Information given:
┄┄┄┄┄┄

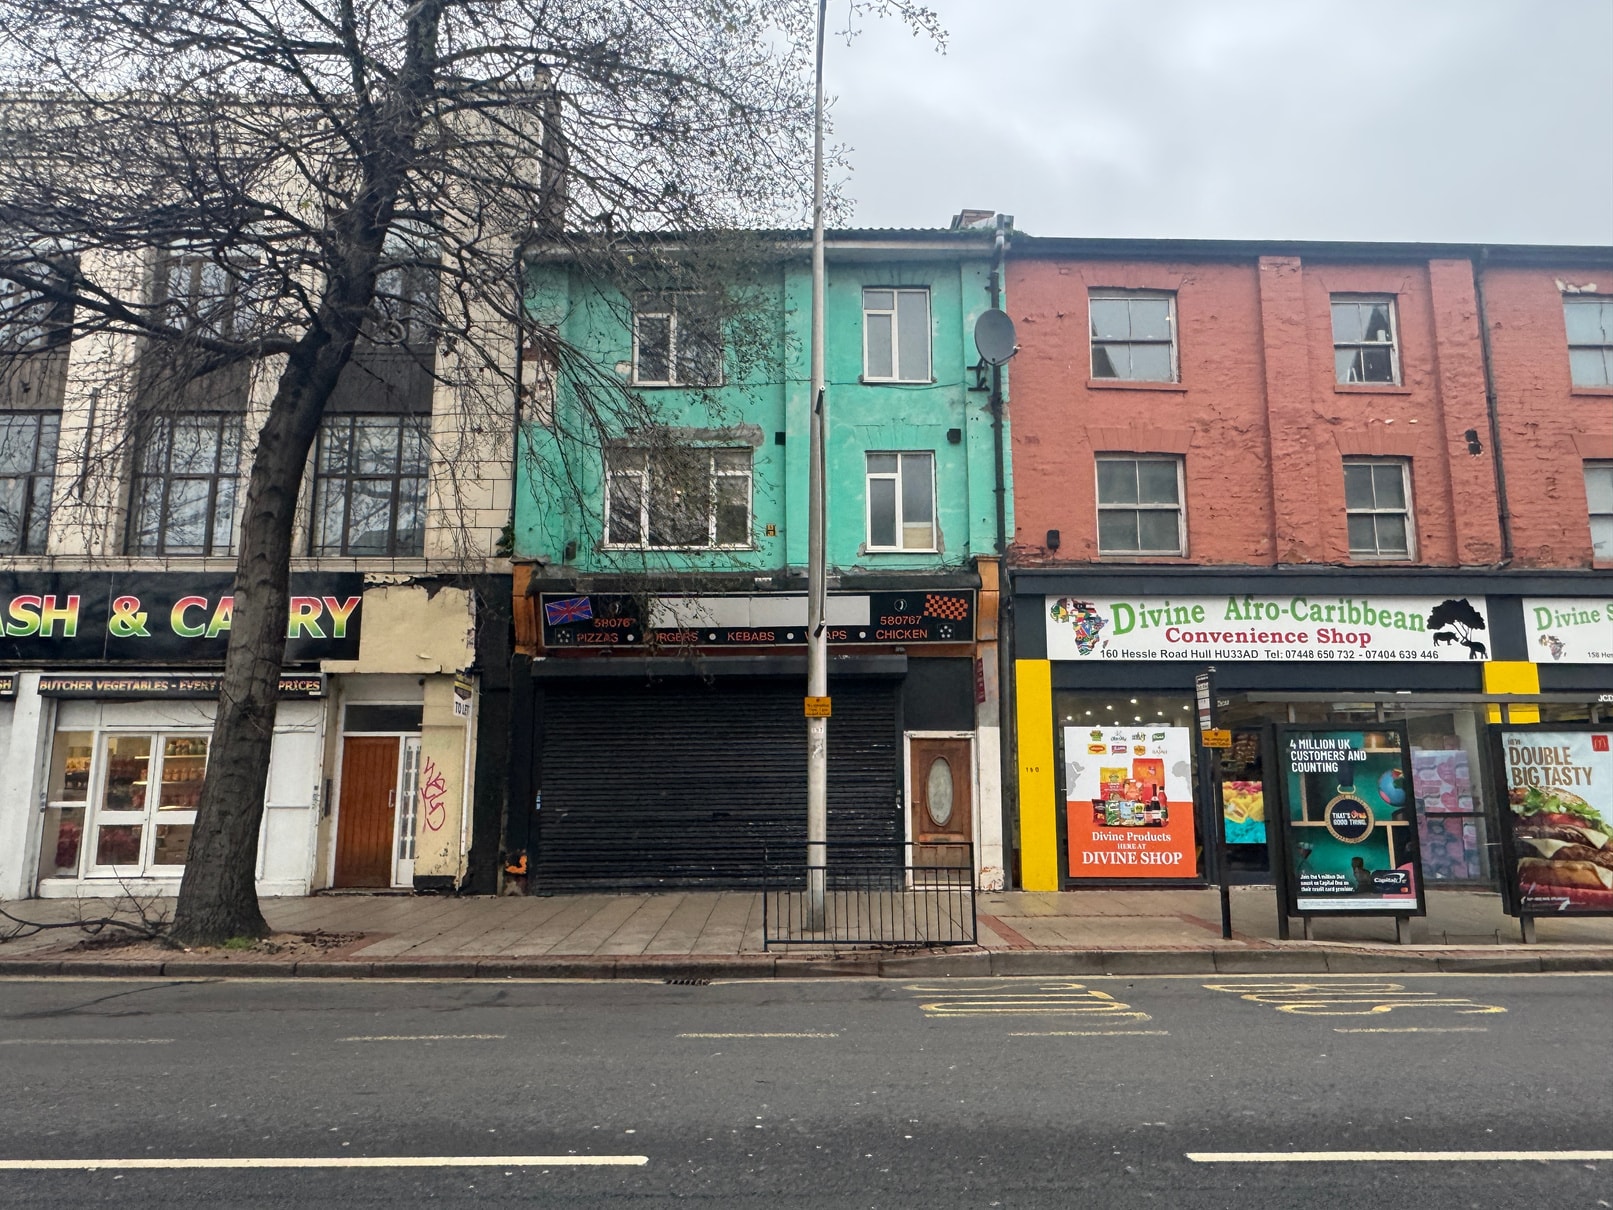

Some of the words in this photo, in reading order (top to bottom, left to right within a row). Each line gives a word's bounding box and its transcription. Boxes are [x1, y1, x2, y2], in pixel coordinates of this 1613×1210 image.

[0, 595, 80, 637] SH
[109, 595, 151, 637] &
[170, 595, 361, 638] CARY
[880, 616, 922, 625] 580767
[1110, 601, 1205, 636] Divine
[1224, 595, 1426, 632] Afro-Caribbean
[1533, 606, 1601, 631] Divine
[577, 632, 619, 643] PIZZAS
[643, 632, 699, 643] RGERS
[727, 631, 775, 641] KEBABS
[804, 630, 847, 640] APS
[876, 629, 928, 640] CHICKEN
[1165, 627, 1309, 643] Convenience
[1316, 628, 1372, 648] Shop
[1100, 650, 1118, 659] 160
[1122, 650, 1157, 659] Hessle
[1160, 650, 1188, 659] Road
[1191, 650, 1211, 659] Hull
[1215, 650, 1259, 659] HU33AD
[1264, 650, 1284, 659] Tel:
[1285, 650, 1314, 659] 07448
[1317, 650, 1334, 659] 650
[1337, 650, 1354, 659] 732
[1365, 650, 1396, 659] 07404
[1398, 650, 1417, 659] 639
[1420, 650, 1439, 659] 446
[40, 680, 94, 691] BUTCHER
[96, 680, 168, 691] VEGETABLES
[179, 680, 217, 690] EVERY
[278, 680, 321, 691] PRICES
[1290, 739, 1296, 749] 4
[1299, 739, 1335, 749] MILLION
[1337, 739, 1351, 749] UK
[1290, 751, 1345, 761] CUSTOMERS
[1347, 751, 1367, 761] AND
[1508, 747, 1573, 766] DOUBLE
[1291, 762, 1339, 772] COUNTING
[1511, 767, 1540, 786] BIG
[1540, 767, 1593, 786] TASTY
[1092, 832, 1125, 842] Divine
[1126, 832, 1171, 842] Products
[1082, 851, 1137, 865] DIVINE
[1140, 851, 1183, 865] SHOP

┄┄┄┄┄┄

Brief:
With the pictures omitted, give every line above again exactly.

Expected output:
Some of the words in this photo, in reading order (top to bottom, left to right within a row). Each line gives a word's bounding box and its transcription. Boxes are [x1, y1, x2, y2], in pixel coordinates of this 1613×1210 image.

[0, 595, 80, 637] SH
[109, 595, 151, 637] &
[170, 595, 361, 638] CARY
[880, 616, 922, 625] 580767
[1110, 601, 1205, 636] Divine
[1224, 595, 1426, 632] Afro-Caribbean
[1533, 606, 1601, 631] Divine
[577, 632, 619, 643] PIZZAS
[643, 632, 699, 643] RGERS
[727, 631, 775, 641] KEBABS
[804, 630, 847, 640] APS
[876, 629, 928, 640] CHICKEN
[1165, 627, 1309, 643] Convenience
[1316, 628, 1372, 648] Shop
[1100, 650, 1118, 659] 160
[1122, 650, 1157, 659] Hessle
[1160, 650, 1188, 659] Road
[1191, 650, 1211, 659] Hull
[1215, 650, 1259, 659] HU33AD
[1264, 650, 1284, 659] Tel:
[1285, 650, 1314, 659] 07448
[1317, 650, 1334, 659] 650
[1337, 650, 1354, 659] 732
[1365, 650, 1396, 659] 07404
[1398, 650, 1417, 659] 639
[1420, 650, 1439, 659] 446
[40, 680, 94, 691] BUTCHER
[96, 680, 168, 691] VEGETABLES
[179, 680, 217, 690] EVERY
[278, 680, 321, 691] PRICES
[1290, 739, 1296, 749] 4
[1299, 739, 1335, 749] MILLION
[1337, 739, 1351, 749] UK
[1290, 751, 1345, 761] CUSTOMERS
[1347, 751, 1367, 761] AND
[1508, 747, 1573, 766] DOUBLE
[1291, 762, 1339, 772] COUNTING
[1511, 767, 1540, 786] BIG
[1540, 767, 1593, 786] TASTY
[1092, 832, 1125, 842] Divine
[1126, 832, 1171, 842] Products
[1082, 851, 1137, 865] DIVINE
[1140, 851, 1183, 865] SHOP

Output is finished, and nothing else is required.